Repeat the entries without change, omitting the pictures.

§ **EXERCISE MATERIAL**:
━━━━━━━━

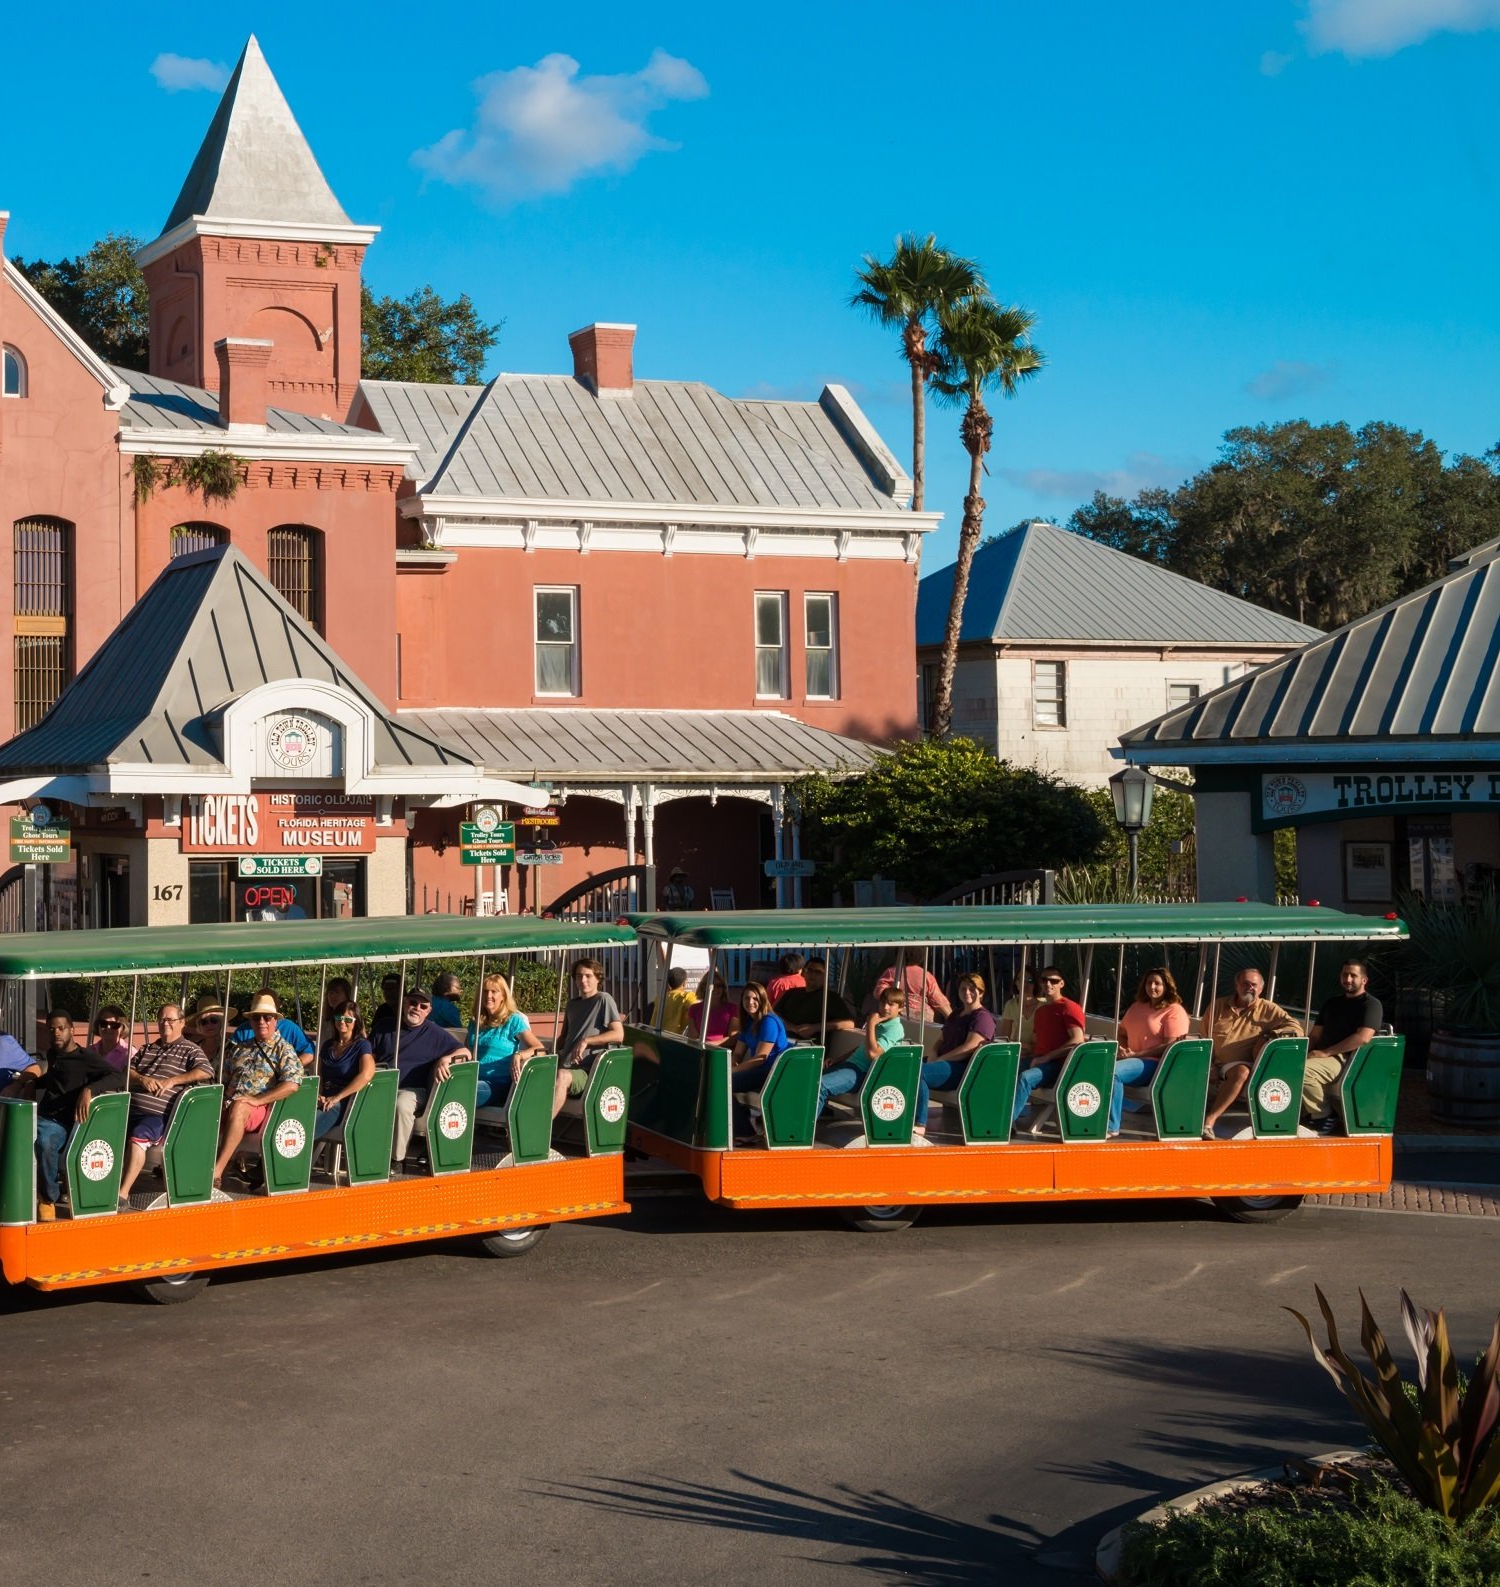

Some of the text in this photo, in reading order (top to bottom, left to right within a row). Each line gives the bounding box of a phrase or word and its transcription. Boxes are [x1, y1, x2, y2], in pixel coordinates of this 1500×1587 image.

[278, 752, 310, 766] TOURS
[270, 794, 372, 805] HISTORIC OLD JAIL
[1334, 776, 1474, 808] TROLLEY
[190, 794, 258, 846] TICKETS
[278, 818, 366, 828] FLORIDA HERITAGE
[283, 830, 362, 846] MUSEUM
[262, 858, 300, 866] TICKETS
[256, 866, 304, 874] SOLD HERE
[153, 885, 183, 901] 167
[245, 887, 294, 906] OPEN

━━━━━━━━

§ **YOUR SOLUTION**:
Some of the text in this photo, in reading order (top to bottom, left to right within a row). Each line gives the bounding box of a phrase or word and its transcription. Boxes are [x1, y1, x2, y2], in pixel coordinates of this 1500×1587 image.

[278, 752, 310, 766] TOURS
[270, 794, 372, 805] HISTORIC OLD JAIL
[1334, 776, 1474, 808] TROLLEY
[190, 794, 258, 846] TICKETS
[278, 818, 366, 828] FLORIDA HERITAGE
[283, 830, 362, 846] MUSEUM
[262, 858, 300, 866] TICKETS
[256, 866, 304, 874] SOLD HERE
[153, 885, 183, 901] 167
[245, 887, 294, 906] OPEN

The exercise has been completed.